Discover 20 effective back stretches for flexibility and increase range of motion instantly. Perfect for all fitness levels.

Flexibility training is essential for all of us, regardless of age or activity level. If you’ve ever struggled to reach for something on the floor, you know that back stiffness can really get in the way of your daily life. Fortunately, back stretches for flexibility exercises can help alleviate this discomfort. This article covers the best back stretches for flexibility to help you quickly loosen your back, improve your flexibility, and increase your range of motion so you can move more freely without stiffness or discomfort.

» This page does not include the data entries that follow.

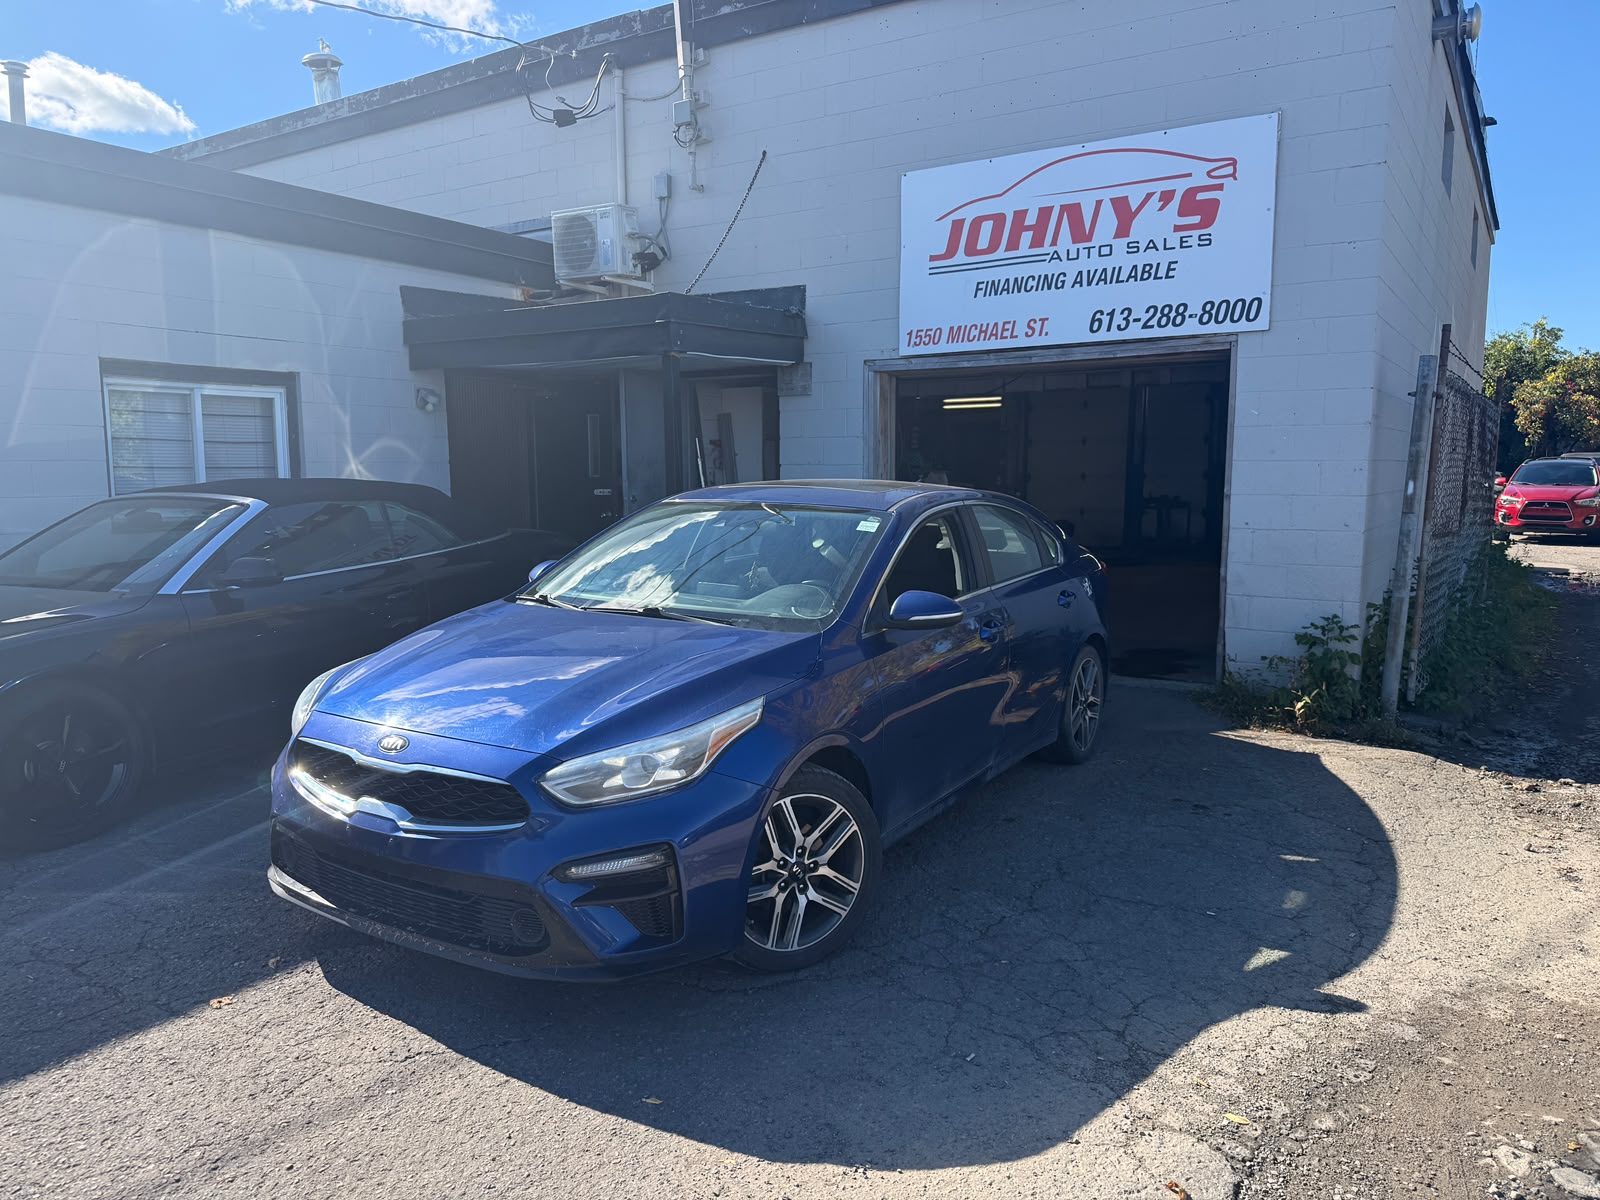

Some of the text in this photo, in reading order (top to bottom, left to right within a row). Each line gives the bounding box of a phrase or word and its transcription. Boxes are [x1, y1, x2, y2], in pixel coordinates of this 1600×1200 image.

[929, 182, 1225, 263] JOHNY'S
[1047, 232, 1213, 264] AUTO SALES
[974, 261, 1179, 298] FINANCING AVAILABLE
[906, 317, 1050, 348] 1550 MICHAEL ST.
[1088, 297, 1263, 334] 613-288-8000

Back stretches for flexibility can be found in many flexibility training programs, including Pliability's mobility app. You can follow along to videos demonstrating back stretches for flexibility to help you quickly loosen your back and relieve soreness and stiffness.

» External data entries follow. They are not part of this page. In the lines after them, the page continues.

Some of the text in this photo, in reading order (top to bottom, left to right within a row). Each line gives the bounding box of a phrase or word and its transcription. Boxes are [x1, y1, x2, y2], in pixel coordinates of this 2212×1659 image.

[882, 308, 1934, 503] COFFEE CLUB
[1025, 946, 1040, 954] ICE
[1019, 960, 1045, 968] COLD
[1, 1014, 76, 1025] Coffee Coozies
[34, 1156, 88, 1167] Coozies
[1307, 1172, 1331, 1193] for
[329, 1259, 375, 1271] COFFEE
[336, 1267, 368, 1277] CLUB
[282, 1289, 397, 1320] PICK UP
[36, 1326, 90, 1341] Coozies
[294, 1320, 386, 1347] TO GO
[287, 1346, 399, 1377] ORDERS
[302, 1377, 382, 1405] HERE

How Do You Stretch Your Back?

Person Stretching - Back Stretches for Flexibility

Regular stretches for the back are a crucial component for overall flexibility, helping to improve the back's range of motion and ease tightness. Back stretches may not be glamorous and often aren’t fun, but daily back stretching will improve your lifts, giving you better form and range of motion and reducing the likelihood of back pain (as well as helping to ease existing back pain). 

You can stretch your back in two main ways

  • Dynamic back stretches: Dynamic stretches are done before your workout. They are active movements that mimic the exercises you are about to do to improve circulation and enhance performance.
  • Static back stretches: Static stretches should be done at the end of your session. These stretches involve holding a position for a set amount of time (usually 15–30 seconds) to increase flexibility and reduce muscle soreness and off-set fatigue.

You should implement dynamic and static back stretches into your routine to increase your back flexibility, improve your posture, and prevent back pain.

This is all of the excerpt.